--- MATERIALS PROVIDED ---

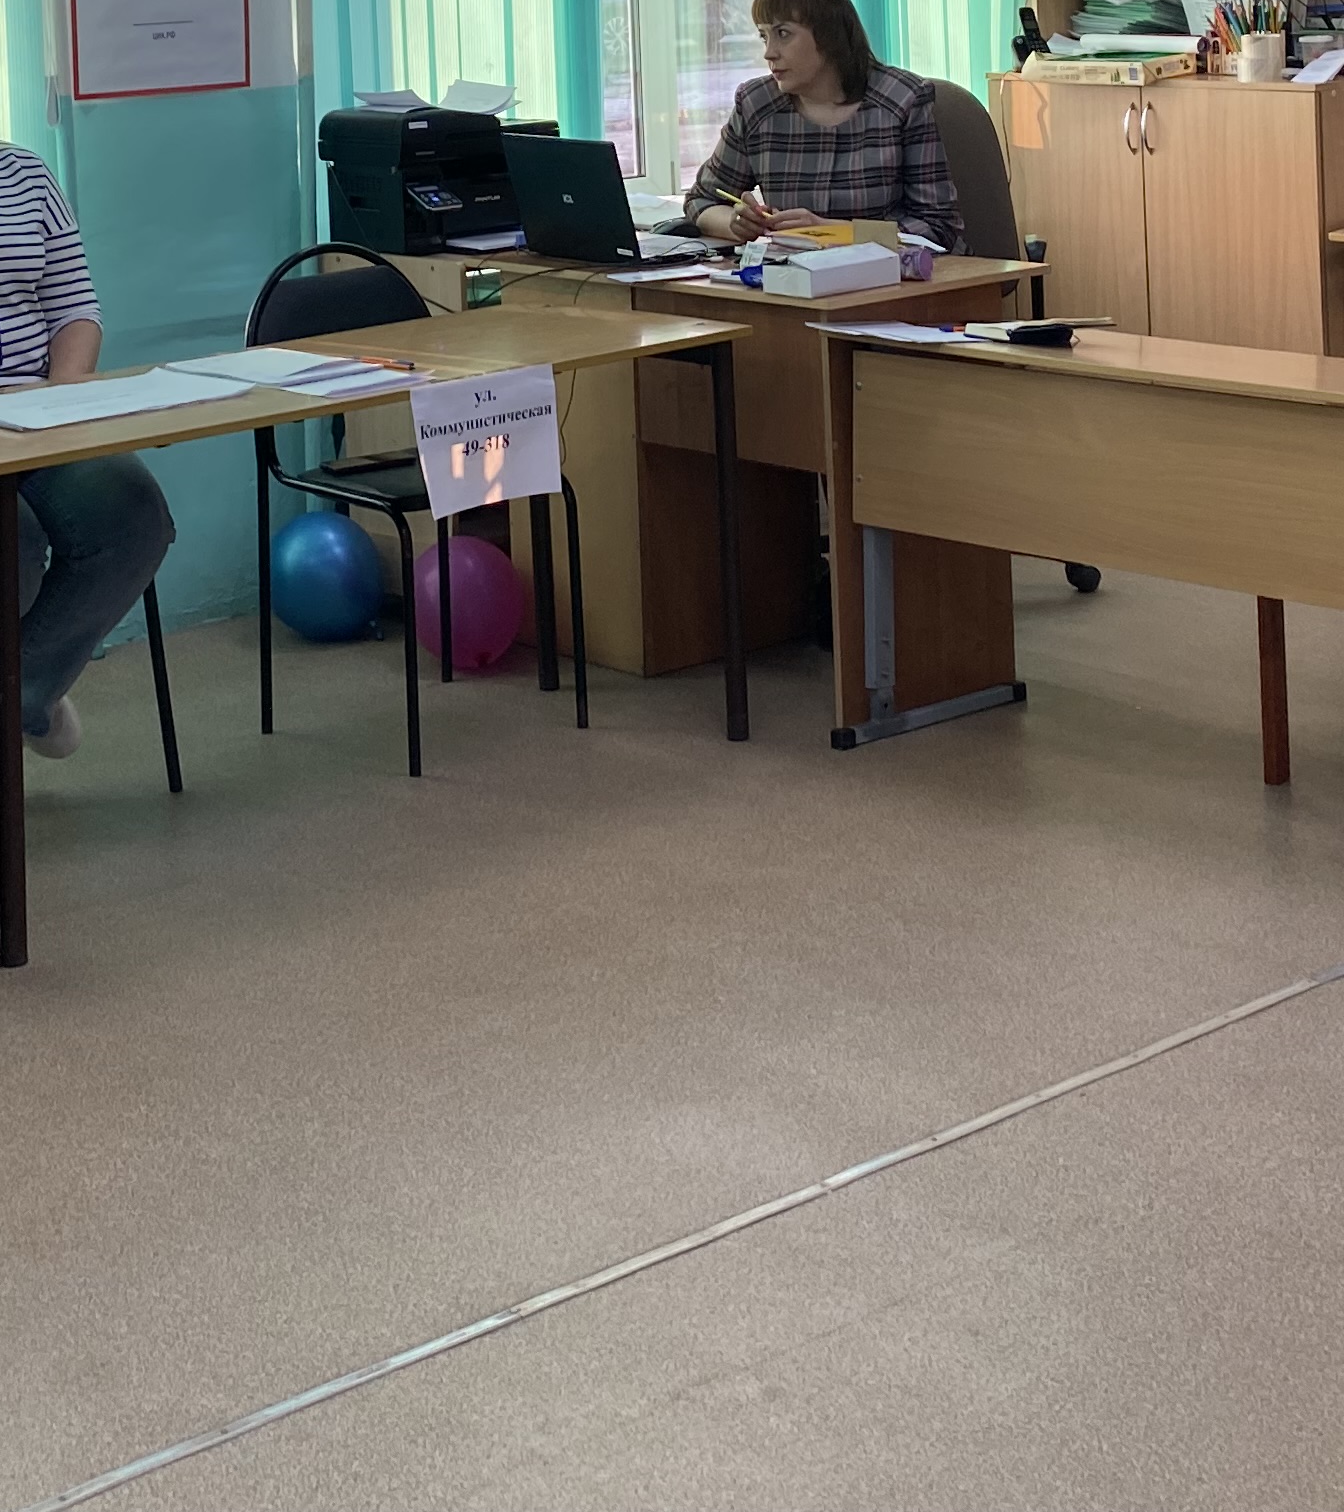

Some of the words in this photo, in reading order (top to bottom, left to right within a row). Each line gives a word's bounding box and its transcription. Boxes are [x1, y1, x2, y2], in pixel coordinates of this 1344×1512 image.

[474, 390, 497, 408] ул.
[420, 404, 552, 440] Коммунистическая
[462, 433, 510, 457] 49-318
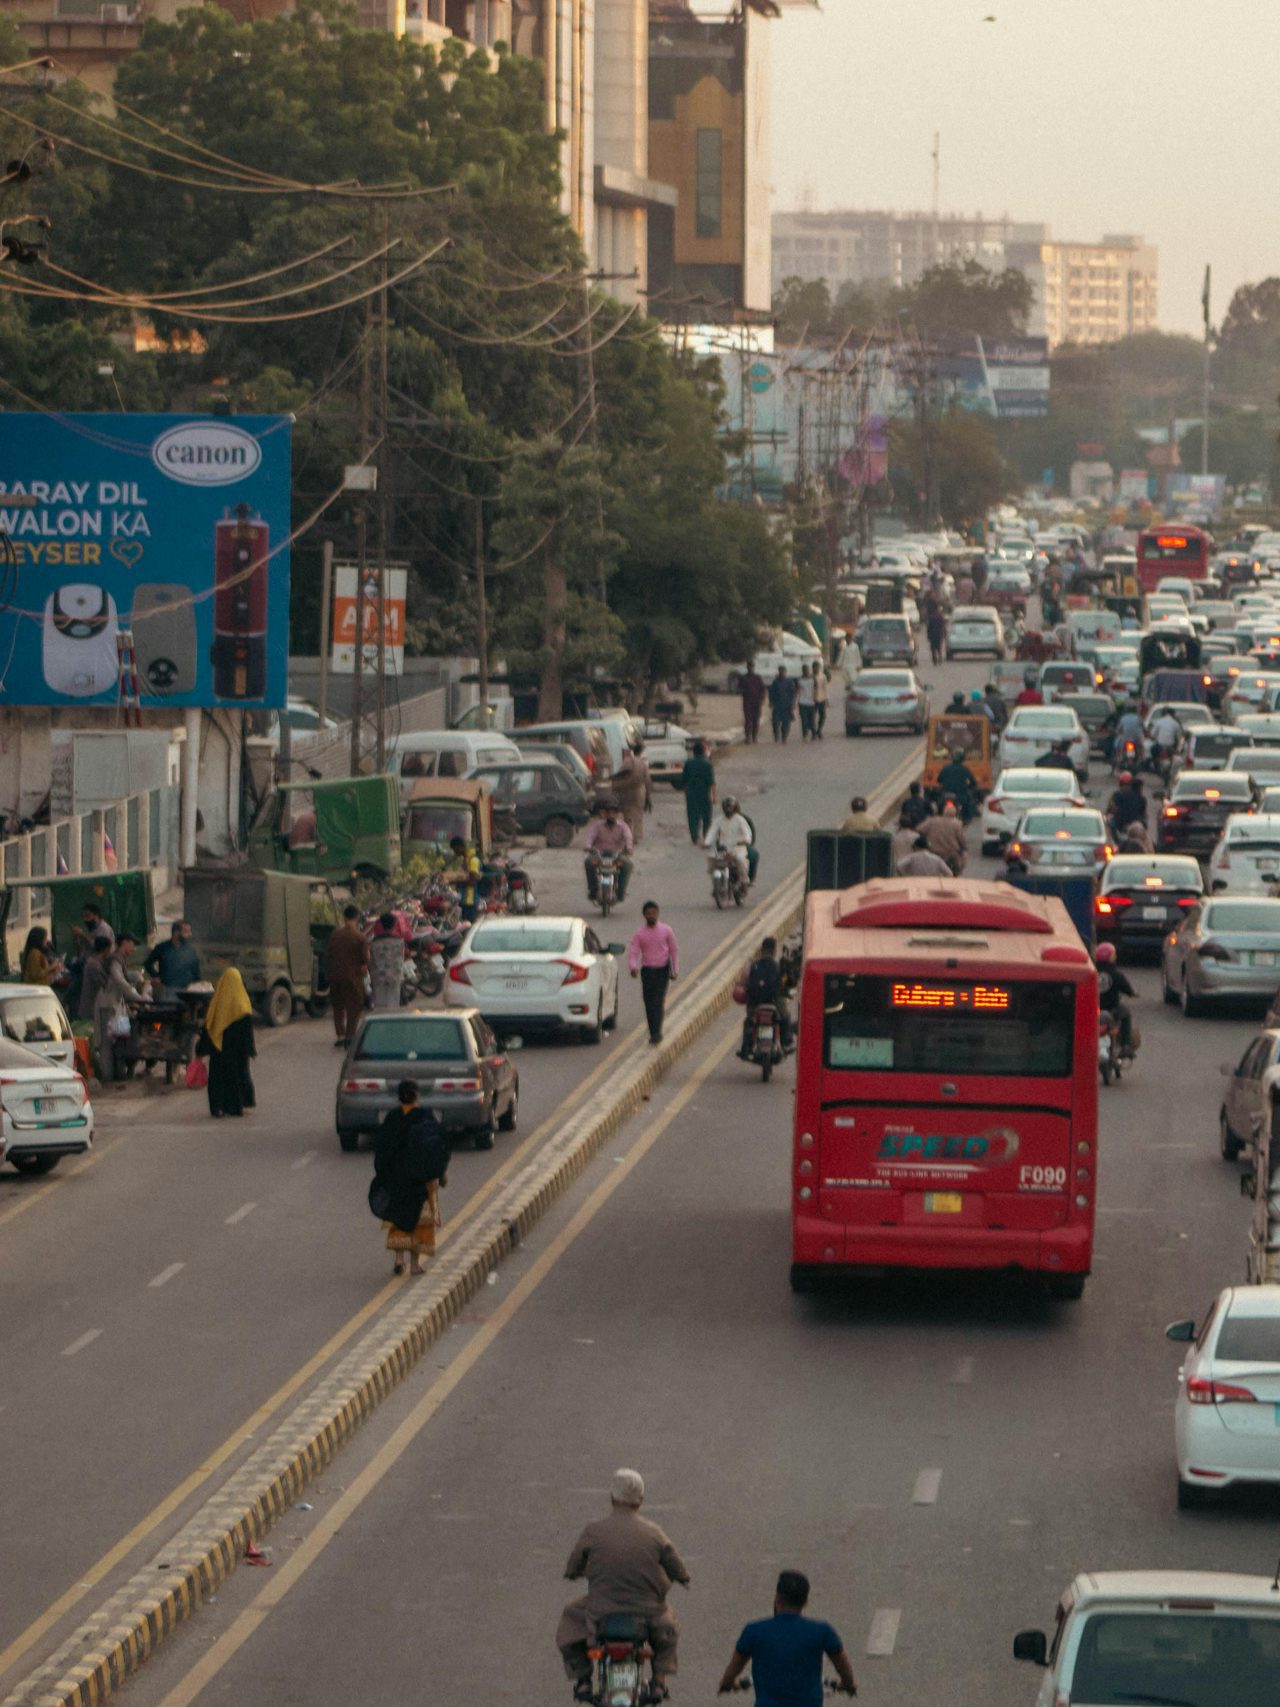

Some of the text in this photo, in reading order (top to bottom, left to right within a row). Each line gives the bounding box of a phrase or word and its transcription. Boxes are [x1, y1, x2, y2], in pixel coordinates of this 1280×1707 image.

---

Every line above should be repeated exactly; pictures stay out of the copy.

■ THE COMPLETED TASK:
Some of the words in this photo, in reading order (top to bottom, left to right within a row). Each line gives a word's bounding box and its transcription. Boxes are [x1, y1, x2, y2], in pixel coordinates of this 1344×1512 image.

[474, 390, 497, 408] ул.
[420, 404, 552, 440] Коммунистическая
[462, 433, 510, 457] 49-318

Some of the text in this photo, in reading order (top to bottom, left to right within a row). Each line gives the bounding box of a phrase or word and its transcription. Boxes are [x1, y1, x2, y2], in pixel coordinates of this 1280×1707 image.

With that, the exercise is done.